• [WORK INSTRUCTION] Where an image occurs, skip it and print the rest of the records verbatim.

• [EXTRACTED ENTRIES]
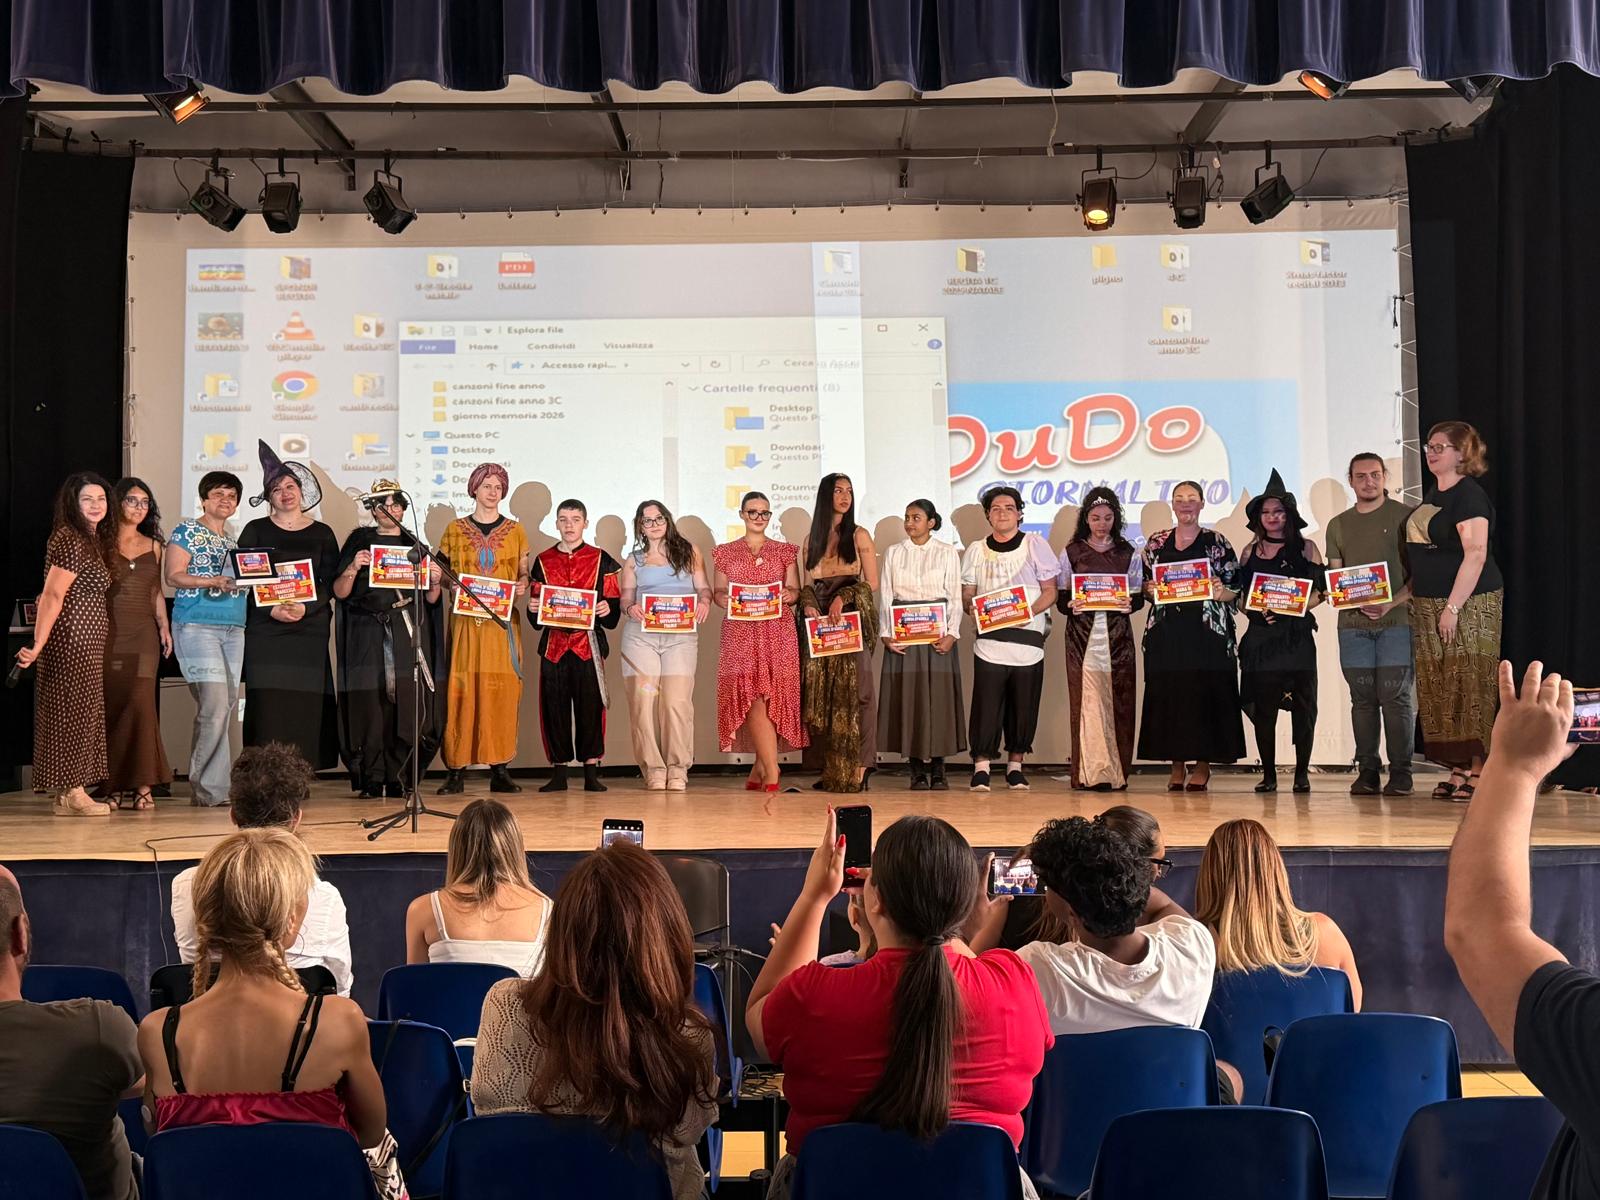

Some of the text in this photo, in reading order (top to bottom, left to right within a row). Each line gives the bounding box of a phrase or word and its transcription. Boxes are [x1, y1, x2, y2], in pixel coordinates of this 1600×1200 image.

[507, 325, 565, 335] Esplora file
[418, 343, 437, 352] File
[468, 342, 499, 351] Home
[527, 341, 577, 351] Condividi
[603, 341, 655, 350] Visualizza
[541, 360, 585, 370] Accesso
[783, 358, 814, 368] Cerca
[452, 381, 545, 391] canzoni fine anno
[702, 382, 755, 393] Cartelle
[758, 382, 818, 394] frequenti
[452, 396, 563, 405] canzoni fine anno 3C
[769, 403, 813, 414] Desktop
[452, 411, 565, 422] giorno memoria 2026
[769, 413, 807, 423] Questo
[444, 431, 501, 441] Questo PC
[452, 445, 496, 455] Desktop
[770, 453, 809, 463] Questo
[771, 493, 810, 503] Questo
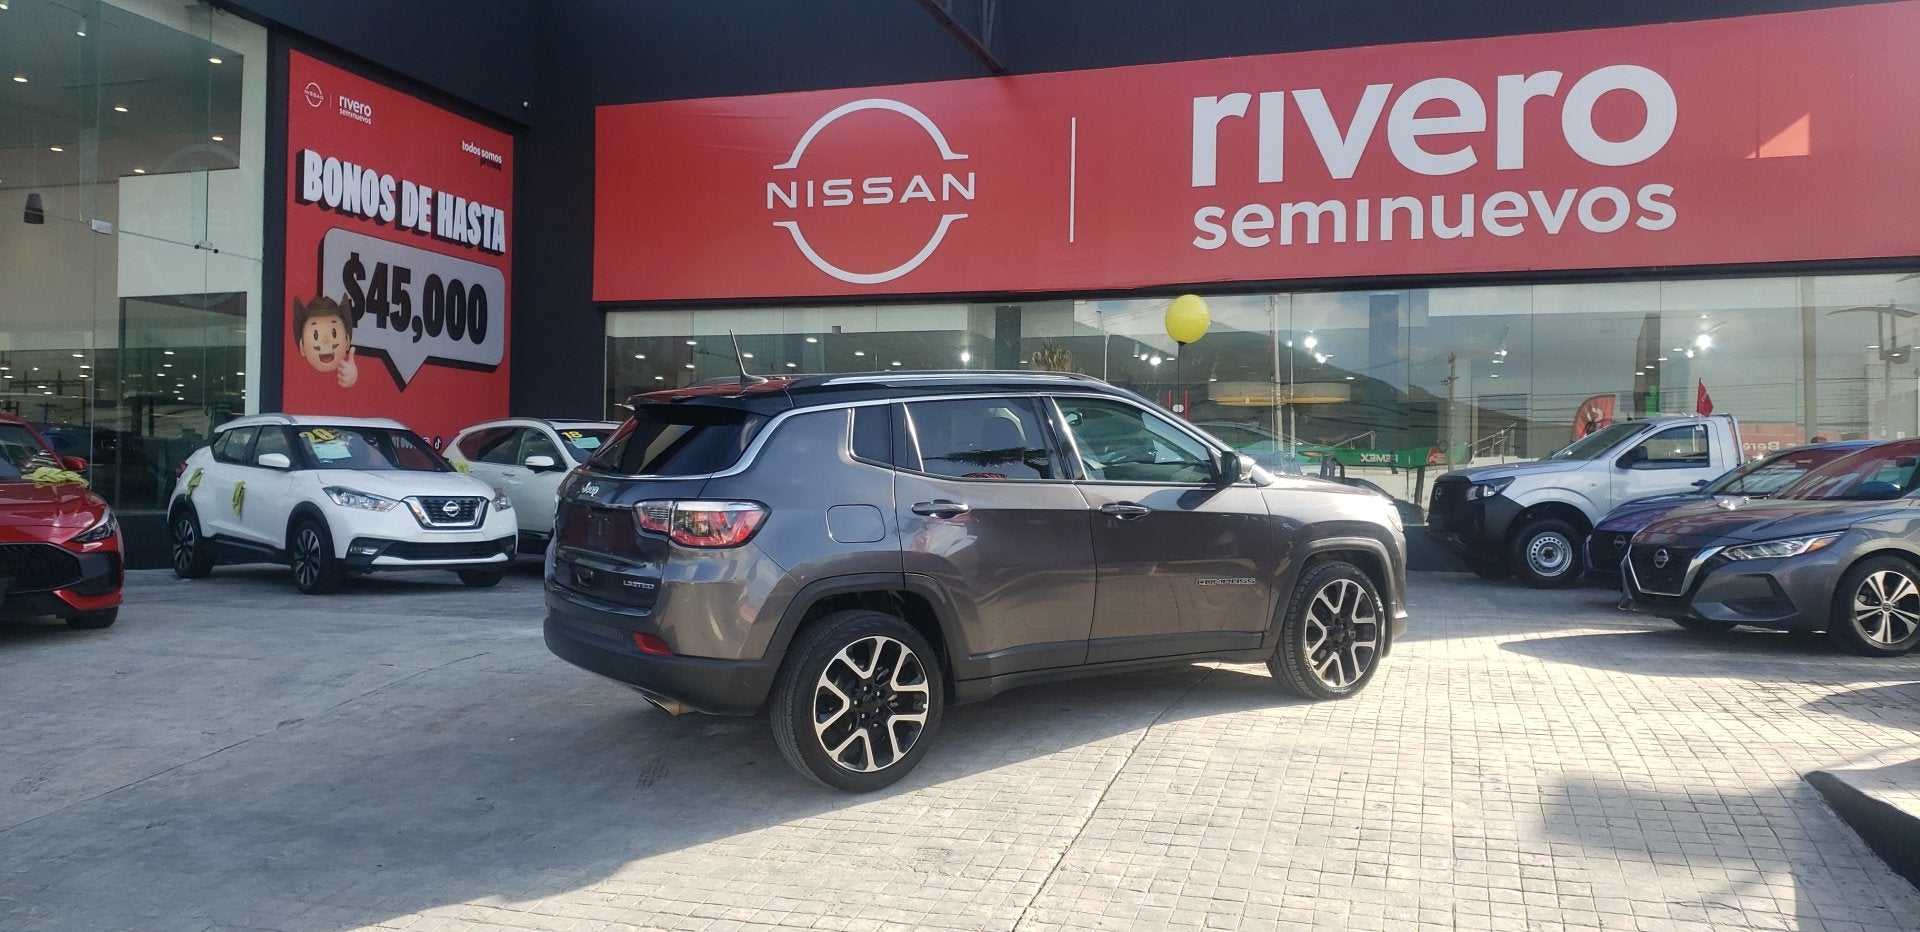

• [SOLUTION TO THIS PROBLEM]
Some of the text in this photo, in reading order (top to bottom, left to right within a row). Each line gives the bounding box of a phrase or word and its transcription. Boxes are [x1, y1, x2, y2], in pixel coordinates of this 1600×1200 image.

[507, 325, 565, 335] Esplora file
[418, 343, 437, 352] File
[468, 342, 499, 351] Home
[527, 341, 577, 351] Condividi
[603, 341, 655, 350] Visualizza
[541, 360, 585, 370] Accesso
[783, 358, 814, 368] Cerca
[452, 381, 545, 391] canzoni fine anno
[702, 382, 755, 393] Cartelle
[758, 382, 818, 394] frequenti
[452, 396, 563, 405] canzoni fine anno 3C
[769, 403, 813, 414] Desktop
[452, 411, 565, 422] giorno memoria 2026
[769, 413, 807, 423] Questo
[444, 431, 501, 441] Questo PC
[452, 445, 496, 455] Desktop
[770, 453, 809, 463] Questo
[771, 493, 810, 503] Questo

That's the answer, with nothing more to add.